## [YOUR GOAL]
Output the entries below exactly as written, omitting pictures.
-----
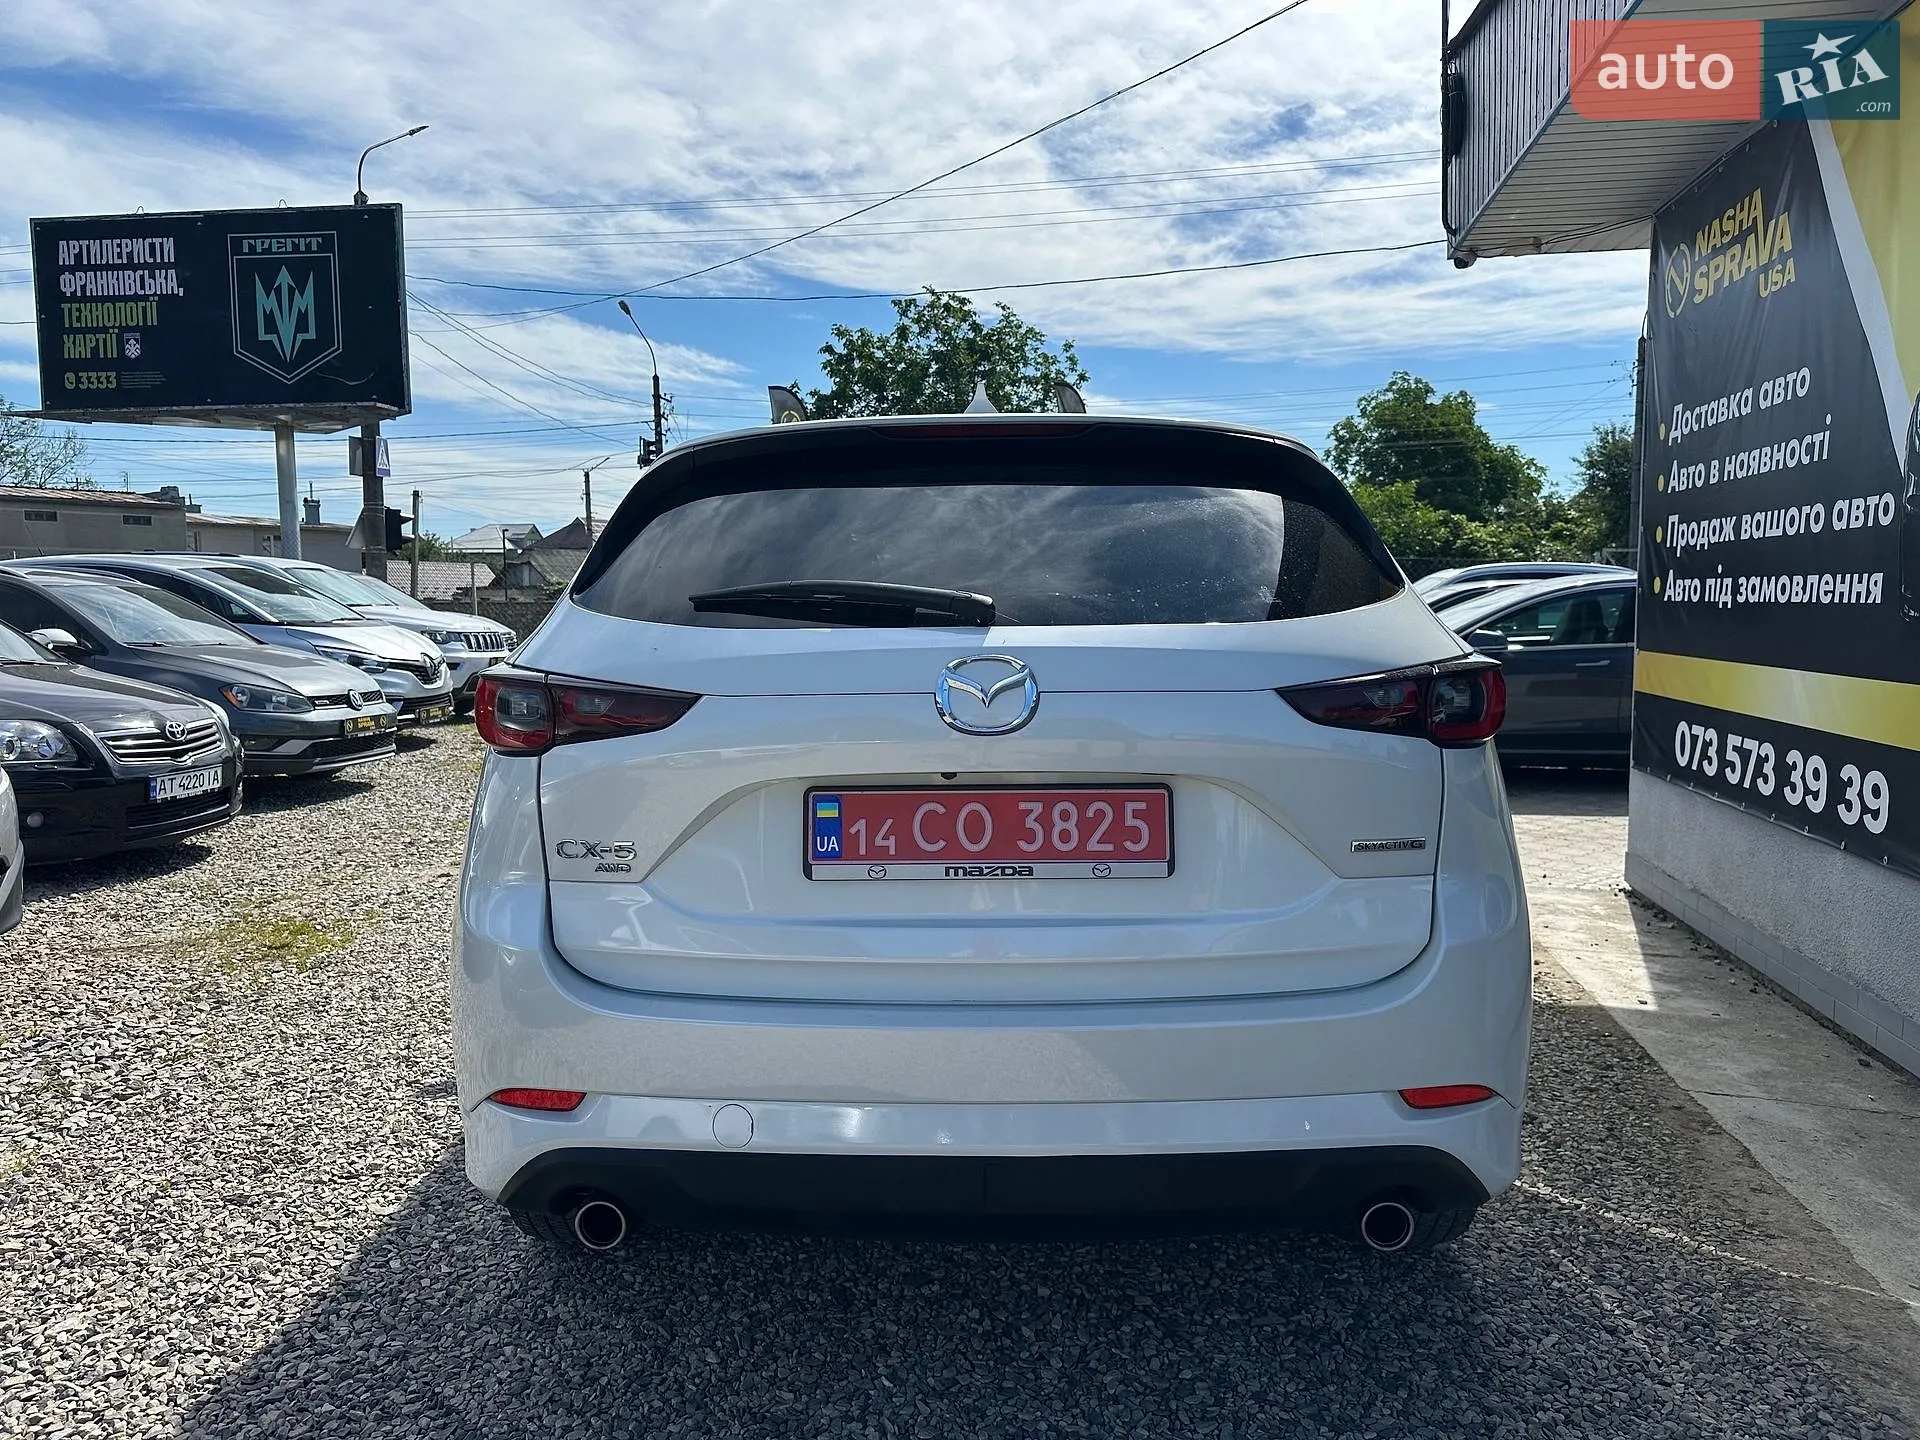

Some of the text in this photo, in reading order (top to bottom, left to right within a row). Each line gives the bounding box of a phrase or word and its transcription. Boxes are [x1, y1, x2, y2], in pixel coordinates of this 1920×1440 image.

[1695, 187, 1763, 262] NASHA
[58, 237, 175, 265] АРТИЛЕРИСТИ
[1693, 211, 1792, 303] SPRAVA
[59, 269, 184, 297] ФРАНКІВСЬКА,
[1759, 257, 1796, 298] USA
[61, 296, 159, 328] ТЕХНОЛОГІЇ
[63, 328, 119, 359] ХАРТІЇ
[78, 371, 117, 389] 3333
[1668, 366, 1811, 446] Доставка авто
[1667, 413, 1832, 494] Авто в наявності
[1666, 492, 1896, 557] Продаж вашого авто
[1663, 563, 1884, 609] Авто під замовлення
[158, 776, 176, 795] AT
[178, 772, 205, 791] 4220
[207, 769, 220, 787] IA
[1674, 721, 1890, 834] 073 573 39 39
[816, 836, 839, 852] UA
[849, 801, 1150, 855] 14 CO 3825
[555, 838, 637, 861] CX-5
[595, 863, 632, 873] AWD
-----
## [REPLY TO THE EXERCISE]
Some of the text in this photo, in reading order (top to bottom, left to right within a row). Each line gives the bounding box of a phrase or word and its transcription. Boxes are [x1, y1, x2, y2], in pixel coordinates of this 1920×1440 image.

[1695, 187, 1763, 262] NASHA
[58, 237, 175, 265] АРТИЛЕРИСТИ
[1693, 211, 1792, 303] SPRAVA
[59, 269, 184, 297] ФРАНКІВСЬКА,
[1759, 257, 1796, 298] USA
[61, 296, 159, 328] ТЕХНОЛОГІЇ
[63, 328, 119, 359] ХАРТІЇ
[78, 371, 117, 389] 3333
[1668, 366, 1811, 446] Доставка авто
[1667, 413, 1832, 494] Авто в наявності
[1666, 492, 1896, 557] Продаж вашого авто
[1663, 563, 1884, 609] Авто під замовлення
[158, 776, 176, 795] AT
[178, 772, 205, 791] 4220
[207, 769, 220, 787] IA
[1674, 721, 1890, 834] 073 573 39 39
[816, 836, 839, 852] UA
[849, 801, 1150, 855] 14 CO 3825
[555, 838, 637, 861] CX-5
[595, 863, 632, 873] AWD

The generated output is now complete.